For subjects such as Maths and Biology this has led to classes being split in two, with students rotating who will be in class and who will be studying from home each week.

However this had the potential to limit the amount of face-to-face teaching students received, so the College has introduced a live-stream of lessons, meaning that those studying at home can participate in the class and ask questions of the lecturer throughout.

The classes also include an interactive whiteboard so that students can see what is being written up by the lecturer and interact with it, and it also allows for captions to be included and for an interpreter to appear on screen for those who are hearing impaired.

If students are unable to watch the lesson as it happens, they also have the opportunity to watch a recording of it that is uploaded on to Microsoft Teams afterwards.

Stewart McDonald, Academic Head for Engineering, Science and Mathematics at Fife College, said:

“Given the measures we’ve put in place to ensure the health and safety of staff at Fife College, it’s not been possible to have all students return to class.

“This left some facing a reduction in the amount of face-to-face teaching time that they receive, which could potentially have an impact on their studies.

“The College’s priority during these times is to ensure the best possible learning experience for all students, which is why we developed this system of live streaming lessons to those who aren’t in class.
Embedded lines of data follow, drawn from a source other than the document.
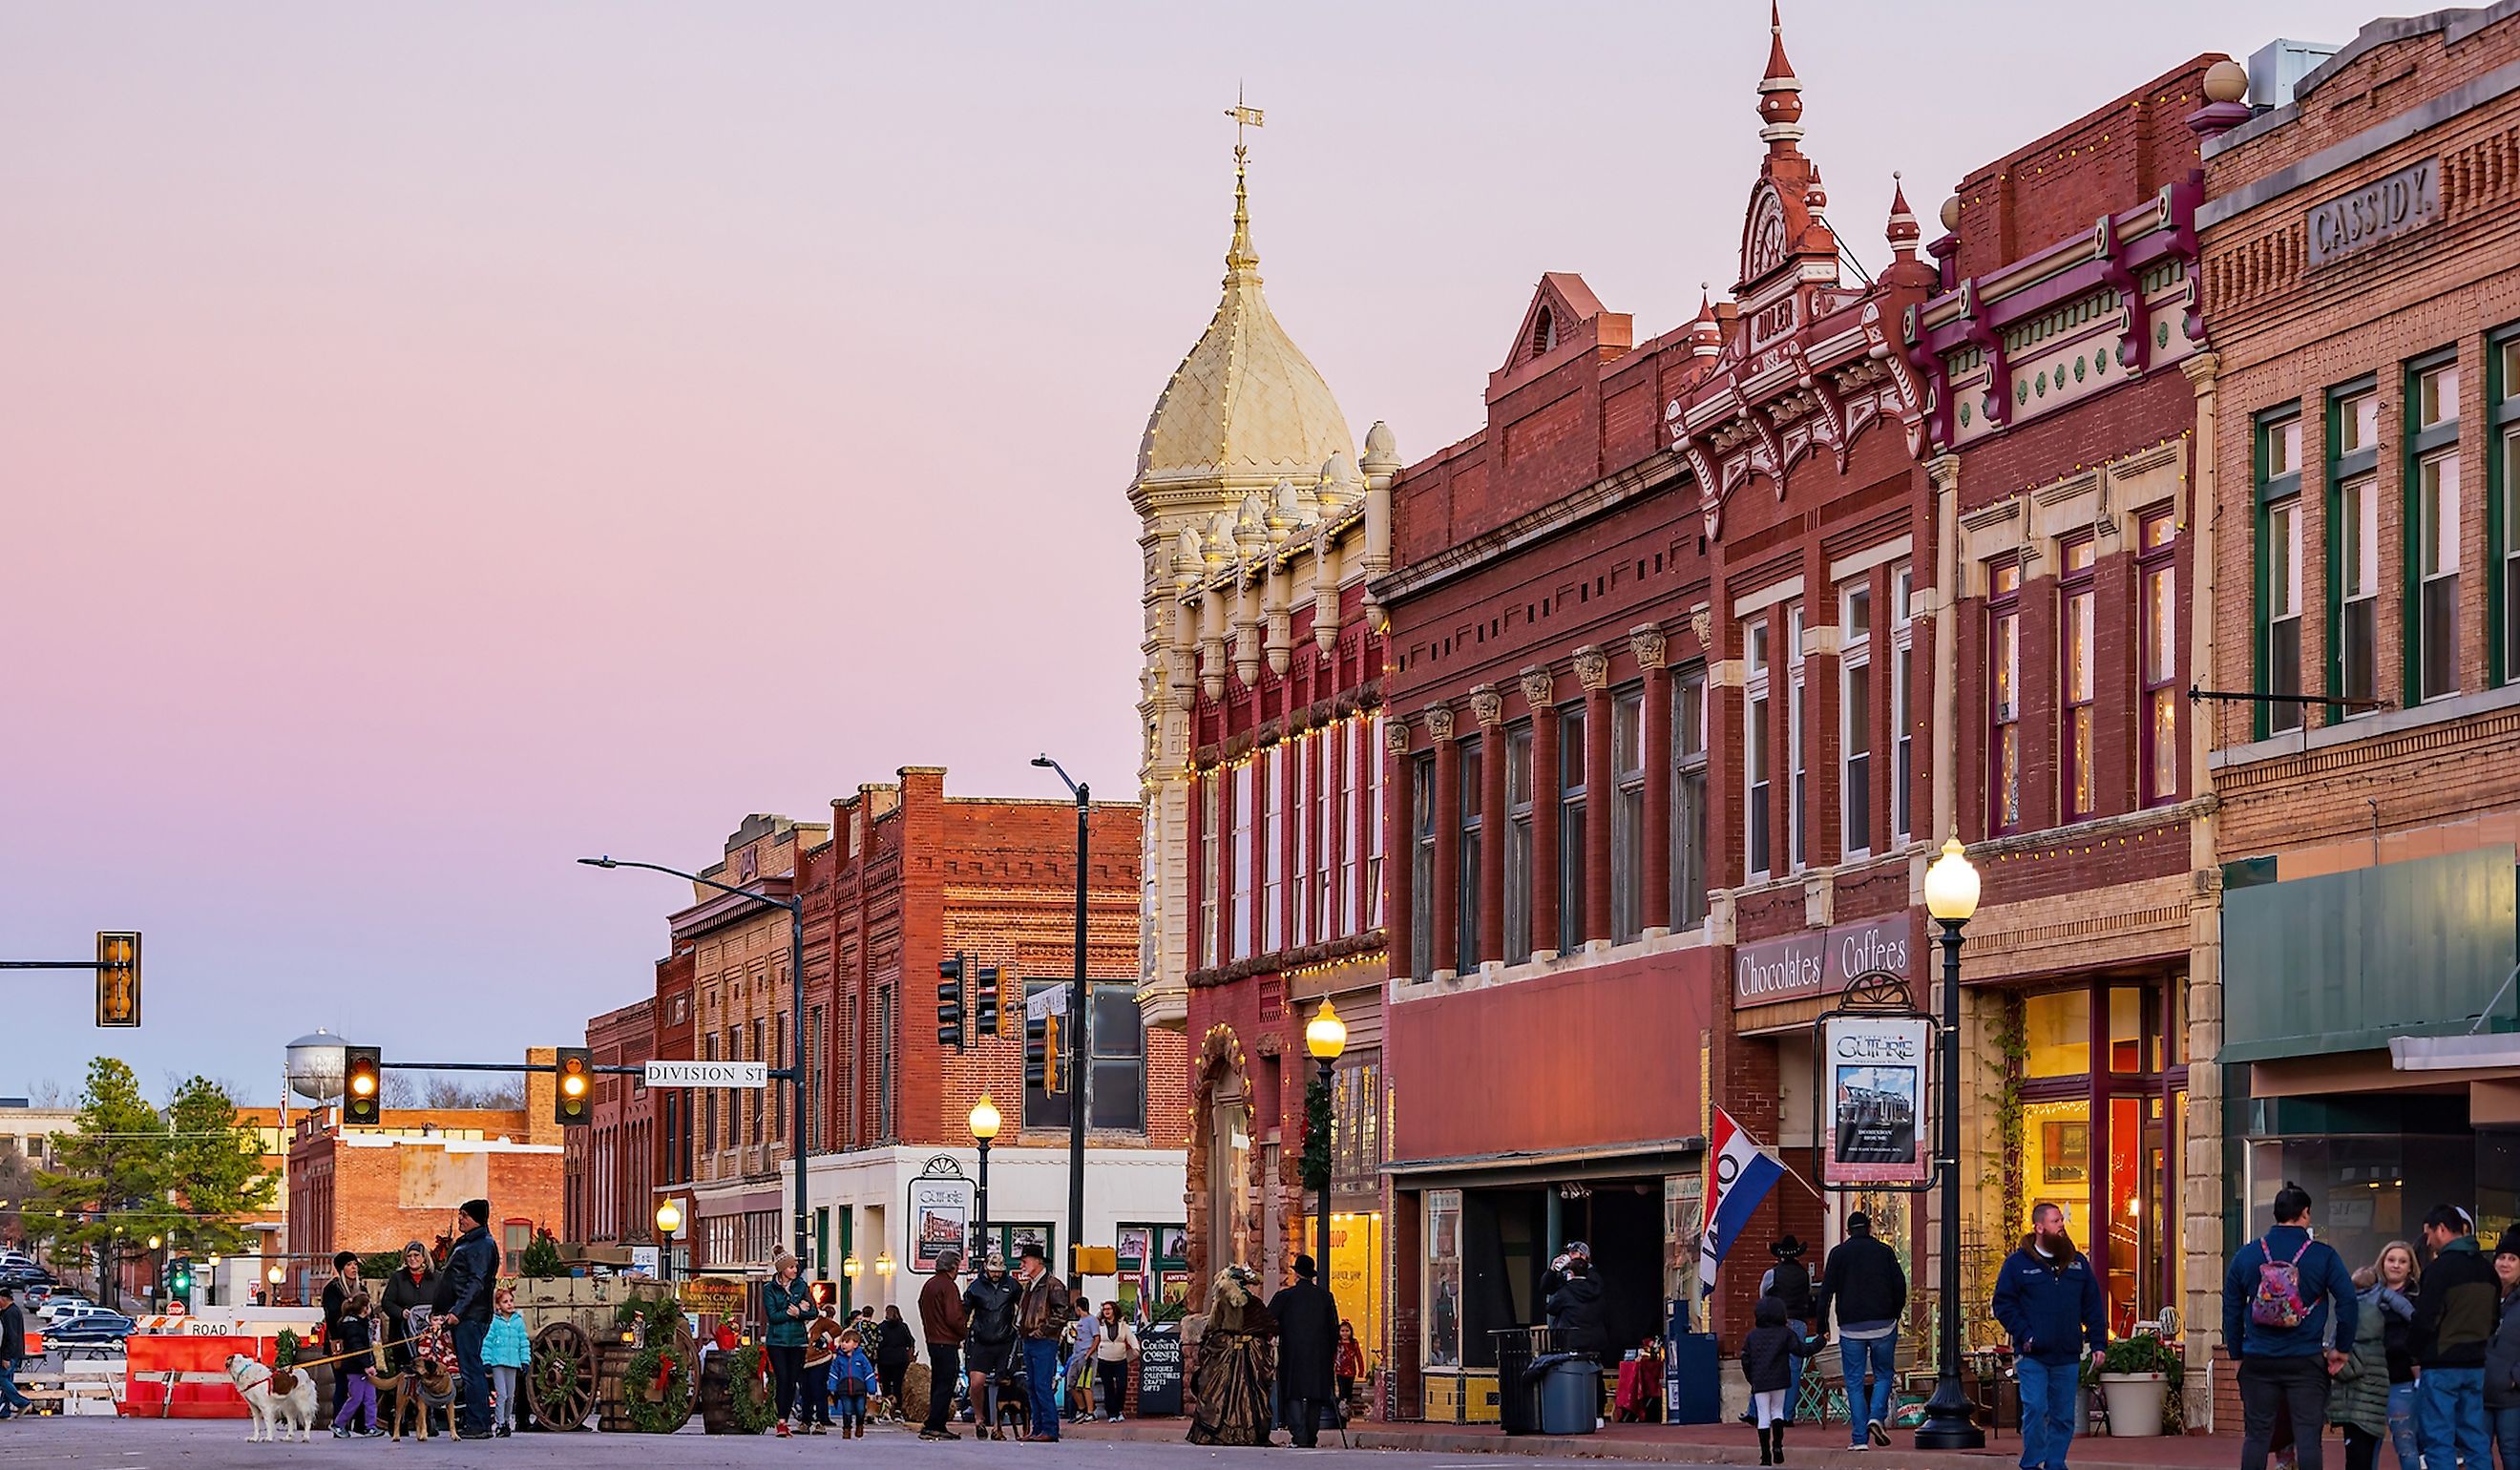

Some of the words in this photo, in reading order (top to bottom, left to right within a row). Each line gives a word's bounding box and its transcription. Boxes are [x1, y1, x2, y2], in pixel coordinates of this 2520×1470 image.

[1756, 298, 1794, 344] ADLER
[1738, 946, 1821, 997] Chocolates
[1841, 928, 1906, 979] Coffees
[1836, 1035, 1915, 1060] GUTHRIE
[648, 1066, 735, 1081] DIVISION
[745, 1066, 765, 1081] ST
[192, 1324, 228, 1336] ROAD
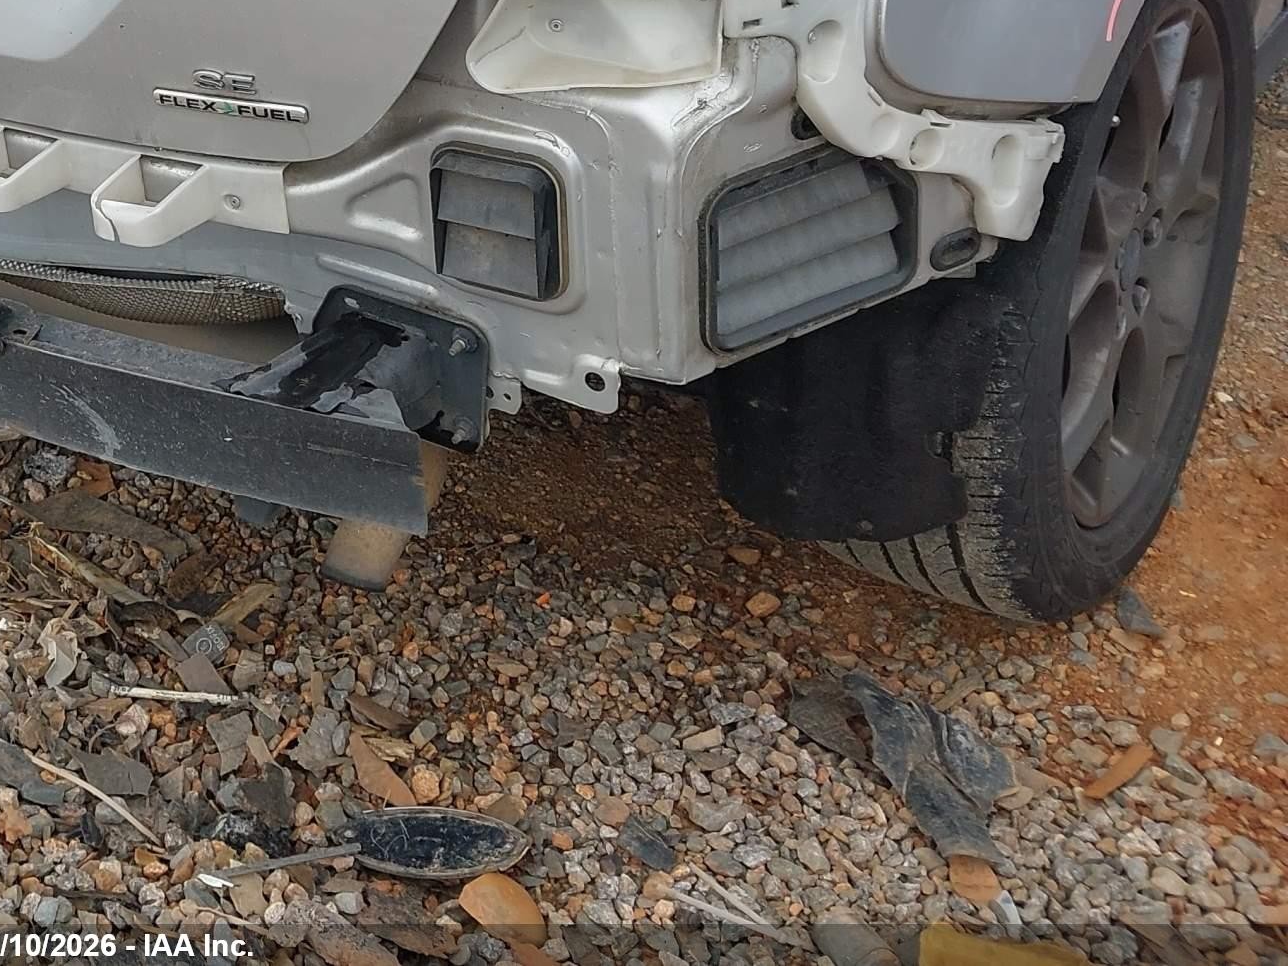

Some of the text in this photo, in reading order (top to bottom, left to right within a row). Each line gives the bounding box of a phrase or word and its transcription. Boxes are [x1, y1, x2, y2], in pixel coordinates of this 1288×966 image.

[191, 68, 257, 95] SE
[158, 93, 301, 123] FLEX FUEL
“Not only does it allow them to follow lessons as they happen, but they can ask questions and take part in class activities as they happen.

“We’ve already had great feedback from students, and we’ll continue to investigate ways that we can enhance their learning experience.”

The online system has proved popular with students, with Alexandra Marjoram, a student studying National 4 Maths at Fife College saying it helped her feel as if she was still in the lesson with her classmates. She said:

“It was good because despite being at home I still felt I was part of the class, I could see what was going on and raise my hand and ask questions if I had any queries.

“I could hear what other students who were studying from home were saying so it felt like we were one big class despite having been separated into different bubbles.

“If you’re needing any help or you’re struggling you can ask questions, go back to previous lectures, or you can communicate with your classmates on the chat function.”

Natalie Fisher, who is also on the National 4 Maths course is hearing impaired, and said the technology helped her understanding of lessons.

“The advantage is I can see live captions at the same time as the interpreter as some English is different from the British Sign Language, and now I have both.

“I and others who are hard of hearing have hearing aids on so we can listen in to the lesson through those which is another advantage.”

Photograph: Fife College lecturer Gillian Docherty is pictured live streaming a class.